(EXERCISE REQUIREMENTS): Nothing in the records may be left out or altered; reproduce them all exactly.

------------------------------------------------

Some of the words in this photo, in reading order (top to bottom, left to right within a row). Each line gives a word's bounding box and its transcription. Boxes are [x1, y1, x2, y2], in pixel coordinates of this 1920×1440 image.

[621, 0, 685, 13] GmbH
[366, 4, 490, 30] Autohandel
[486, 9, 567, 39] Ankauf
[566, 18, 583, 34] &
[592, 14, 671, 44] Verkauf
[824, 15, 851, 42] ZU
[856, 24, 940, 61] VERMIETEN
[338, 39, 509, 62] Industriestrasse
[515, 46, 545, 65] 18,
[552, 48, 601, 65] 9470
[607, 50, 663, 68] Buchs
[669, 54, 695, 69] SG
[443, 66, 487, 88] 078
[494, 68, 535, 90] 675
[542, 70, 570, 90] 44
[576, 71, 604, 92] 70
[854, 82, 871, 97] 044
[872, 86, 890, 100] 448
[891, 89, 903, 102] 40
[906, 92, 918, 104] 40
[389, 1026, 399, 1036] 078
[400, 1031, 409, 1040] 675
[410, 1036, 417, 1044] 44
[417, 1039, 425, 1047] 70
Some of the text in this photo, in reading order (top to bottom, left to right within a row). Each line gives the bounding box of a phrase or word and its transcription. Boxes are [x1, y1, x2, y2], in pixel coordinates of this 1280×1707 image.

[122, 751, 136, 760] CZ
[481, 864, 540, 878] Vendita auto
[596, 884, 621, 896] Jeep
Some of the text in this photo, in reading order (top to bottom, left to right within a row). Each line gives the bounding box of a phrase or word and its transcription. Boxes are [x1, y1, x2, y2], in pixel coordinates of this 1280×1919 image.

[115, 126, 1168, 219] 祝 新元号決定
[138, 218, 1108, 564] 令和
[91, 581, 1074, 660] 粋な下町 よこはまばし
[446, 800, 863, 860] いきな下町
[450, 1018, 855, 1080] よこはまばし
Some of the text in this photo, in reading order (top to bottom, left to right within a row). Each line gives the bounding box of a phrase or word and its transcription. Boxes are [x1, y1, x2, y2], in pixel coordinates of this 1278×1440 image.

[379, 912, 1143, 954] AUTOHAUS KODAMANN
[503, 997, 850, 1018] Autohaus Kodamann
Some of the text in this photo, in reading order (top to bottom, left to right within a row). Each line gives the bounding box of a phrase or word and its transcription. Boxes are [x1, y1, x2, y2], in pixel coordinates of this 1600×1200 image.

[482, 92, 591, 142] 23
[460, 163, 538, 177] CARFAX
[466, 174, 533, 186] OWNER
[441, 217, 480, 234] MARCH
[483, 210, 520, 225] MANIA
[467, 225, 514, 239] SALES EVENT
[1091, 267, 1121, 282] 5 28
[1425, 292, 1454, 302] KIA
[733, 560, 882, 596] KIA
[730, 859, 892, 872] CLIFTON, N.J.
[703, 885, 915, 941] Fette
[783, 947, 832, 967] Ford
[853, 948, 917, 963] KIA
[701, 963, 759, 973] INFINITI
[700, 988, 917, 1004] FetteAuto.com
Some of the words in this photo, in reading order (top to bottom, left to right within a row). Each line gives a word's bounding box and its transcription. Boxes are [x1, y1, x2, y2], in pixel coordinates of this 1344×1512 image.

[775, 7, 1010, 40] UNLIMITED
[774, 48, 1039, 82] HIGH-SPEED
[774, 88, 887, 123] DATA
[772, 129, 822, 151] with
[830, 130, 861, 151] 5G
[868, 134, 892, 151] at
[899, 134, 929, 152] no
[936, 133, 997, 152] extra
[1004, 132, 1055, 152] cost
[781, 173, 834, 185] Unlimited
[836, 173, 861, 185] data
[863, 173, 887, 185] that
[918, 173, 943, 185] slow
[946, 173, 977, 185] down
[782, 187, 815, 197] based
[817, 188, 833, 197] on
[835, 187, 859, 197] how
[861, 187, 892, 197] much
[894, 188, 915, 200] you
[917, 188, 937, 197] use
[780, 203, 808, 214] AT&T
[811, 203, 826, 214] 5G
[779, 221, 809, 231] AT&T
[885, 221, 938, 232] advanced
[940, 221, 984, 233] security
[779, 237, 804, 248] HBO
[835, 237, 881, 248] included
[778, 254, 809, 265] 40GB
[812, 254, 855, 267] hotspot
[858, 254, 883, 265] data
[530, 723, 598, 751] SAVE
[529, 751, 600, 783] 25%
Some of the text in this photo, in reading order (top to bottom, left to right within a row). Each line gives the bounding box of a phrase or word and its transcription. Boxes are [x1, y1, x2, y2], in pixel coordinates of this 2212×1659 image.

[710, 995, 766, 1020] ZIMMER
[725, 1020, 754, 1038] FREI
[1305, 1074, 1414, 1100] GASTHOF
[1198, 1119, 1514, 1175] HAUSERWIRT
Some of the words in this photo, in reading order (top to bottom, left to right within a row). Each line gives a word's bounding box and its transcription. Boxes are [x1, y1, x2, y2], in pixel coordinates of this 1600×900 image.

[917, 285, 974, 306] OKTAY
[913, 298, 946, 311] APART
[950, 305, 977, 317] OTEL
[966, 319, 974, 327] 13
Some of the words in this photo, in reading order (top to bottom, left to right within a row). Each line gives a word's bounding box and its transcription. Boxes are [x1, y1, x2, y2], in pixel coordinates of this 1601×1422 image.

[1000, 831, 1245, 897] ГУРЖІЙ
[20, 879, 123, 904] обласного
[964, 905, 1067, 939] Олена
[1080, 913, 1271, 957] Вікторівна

------------------------------------------------

(REPLY):
Some of the words in this photo, in reading order (top to bottom, left to right within a row). Each line gives a word's bounding box and its transcription. Boxes are [x1, y1, x2, y2], in pixel coordinates of this 1920×1440 image.

[621, 0, 685, 13] GmbH
[366, 4, 490, 30] Autohandel
[486, 9, 567, 39] Ankauf
[566, 18, 583, 34] &
[592, 14, 671, 44] Verkauf
[824, 15, 851, 42] ZU
[856, 24, 940, 61] VERMIETEN
[338, 39, 509, 62] Industriestrasse
[515, 46, 545, 65] 18,
[552, 48, 601, 65] 9470
[607, 50, 663, 68] Buchs
[669, 54, 695, 69] SG
[443, 66, 487, 88] 078
[494, 68, 535, 90] 675
[542, 70, 570, 90] 44
[576, 71, 604, 92] 70
[854, 82, 871, 97] 044
[872, 86, 890, 100] 448
[891, 89, 903, 102] 40
[906, 92, 918, 104] 40
[389, 1026, 399, 1036] 078
[400, 1031, 409, 1040] 675
[410, 1036, 417, 1044] 44
[417, 1039, 425, 1047] 70
Some of the text in this photo, in reading order (top to bottom, left to right within a row). Each line gives the bounding box of a phrase or word and its transcription. Boxes are [x1, y1, x2, y2], in pixel coordinates of this 1280×1707 image.

[122, 751, 136, 760] CZ
[481, 864, 540, 878] Vendita auto
[596, 884, 621, 896] Jeep
Some of the text in this photo, in reading order (top to bottom, left to right within a row). Each line gives the bounding box of a phrase or word and its transcription. Boxes are [x1, y1, x2, y2], in pixel coordinates of this 1280×1919 image.

[115, 126, 1168, 219] 祝 新元号決定
[138, 218, 1108, 564] 令和
[91, 581, 1074, 660] 粋な下町 よこはまばし
[446, 800, 863, 860] いきな下町
[450, 1018, 855, 1080] よこはまばし
Some of the text in this photo, in reading order (top to bottom, left to right within a row). Each line gives the bounding box of a phrase or word and its transcription. Boxes are [x1, y1, x2, y2], in pixel coordinates of this 1278×1440 image.

[379, 912, 1143, 954] AUTOHAUS KODAMANN
[503, 997, 850, 1018] Autohaus Kodamann
Some of the text in this photo, in reading order (top to bottom, left to right within a row). Each line gives the bounding box of a phrase or word and its transcription. Boxes are [x1, y1, x2, y2], in pixel coordinates of this 1600×1200 image.

[482, 92, 591, 142] 23
[460, 163, 538, 177] CARFAX
[466, 174, 533, 186] OWNER
[441, 217, 480, 234] MARCH
[483, 210, 520, 225] MANIA
[467, 225, 514, 239] SALES EVENT
[1091, 267, 1121, 282] 5 28
[1425, 292, 1454, 302] KIA
[733, 560, 882, 596] KIA
[730, 859, 892, 872] CLIFTON, N.J.
[703, 885, 915, 941] Fette
[783, 947, 832, 967] Ford
[853, 948, 917, 963] KIA
[701, 963, 759, 973] INFINITI
[700, 988, 917, 1004] FetteAuto.com
Some of the words in this photo, in reading order (top to bottom, left to right within a row). Each line gives a word's bounding box and its transcription. Boxes are [x1, y1, x2, y2], in pixel coordinates of this 1344×1512 image.

[775, 7, 1010, 40] UNLIMITED
[774, 48, 1039, 82] HIGH-SPEED
[774, 88, 887, 123] DATA
[772, 129, 822, 151] with
[830, 130, 861, 151] 5G
[868, 134, 892, 151] at
[899, 134, 929, 152] no
[936, 133, 997, 152] extra
[1004, 132, 1055, 152] cost
[781, 173, 834, 185] Unlimited
[836, 173, 861, 185] data
[863, 173, 887, 185] that
[918, 173, 943, 185] slow
[946, 173, 977, 185] down
[782, 187, 815, 197] based
[817, 188, 833, 197] on
[835, 187, 859, 197] how
[861, 187, 892, 197] much
[894, 188, 915, 200] you
[917, 188, 937, 197] use
[780, 203, 808, 214] AT&T
[811, 203, 826, 214] 5G
[779, 221, 809, 231] AT&T
[885, 221, 938, 232] advanced
[940, 221, 984, 233] security
[779, 237, 804, 248] HBO
[835, 237, 881, 248] included
[778, 254, 809, 265] 40GB
[812, 254, 855, 267] hotspot
[858, 254, 883, 265] data
[530, 723, 598, 751] SAVE
[529, 751, 600, 783] 25%
Some of the text in this photo, in reading order (top to bottom, left to right within a row). Each line gives the bounding box of a phrase or word and its transcription. Boxes are [x1, y1, x2, y2], in pixel coordinates of this 2212×1659 image.

[710, 995, 766, 1020] ZIMMER
[725, 1020, 754, 1038] FREI
[1305, 1074, 1414, 1100] GASTHOF
[1198, 1119, 1514, 1175] HAUSERWIRT
Some of the words in this photo, in reading order (top to bottom, left to right within a row). Each line gives a word's bounding box and its transcription. Boxes are [x1, y1, x2, y2], in pixel coordinates of this 1600×900 image.

[917, 285, 974, 306] OKTAY
[913, 298, 946, 311] APART
[950, 305, 977, 317] OTEL
[966, 319, 974, 327] 13
Some of the words in this photo, in reading order (top to bottom, left to right within a row). Each line gives a word's bounding box and its transcription. Boxes are [x1, y1, x2, y2], in pixel coordinates of this 1601×1422 image.

[1000, 831, 1245, 897] ГУРЖІЙ
[20, 879, 123, 904] обласного
[964, 905, 1067, 939] Олена
[1080, 913, 1271, 957] Вікторівна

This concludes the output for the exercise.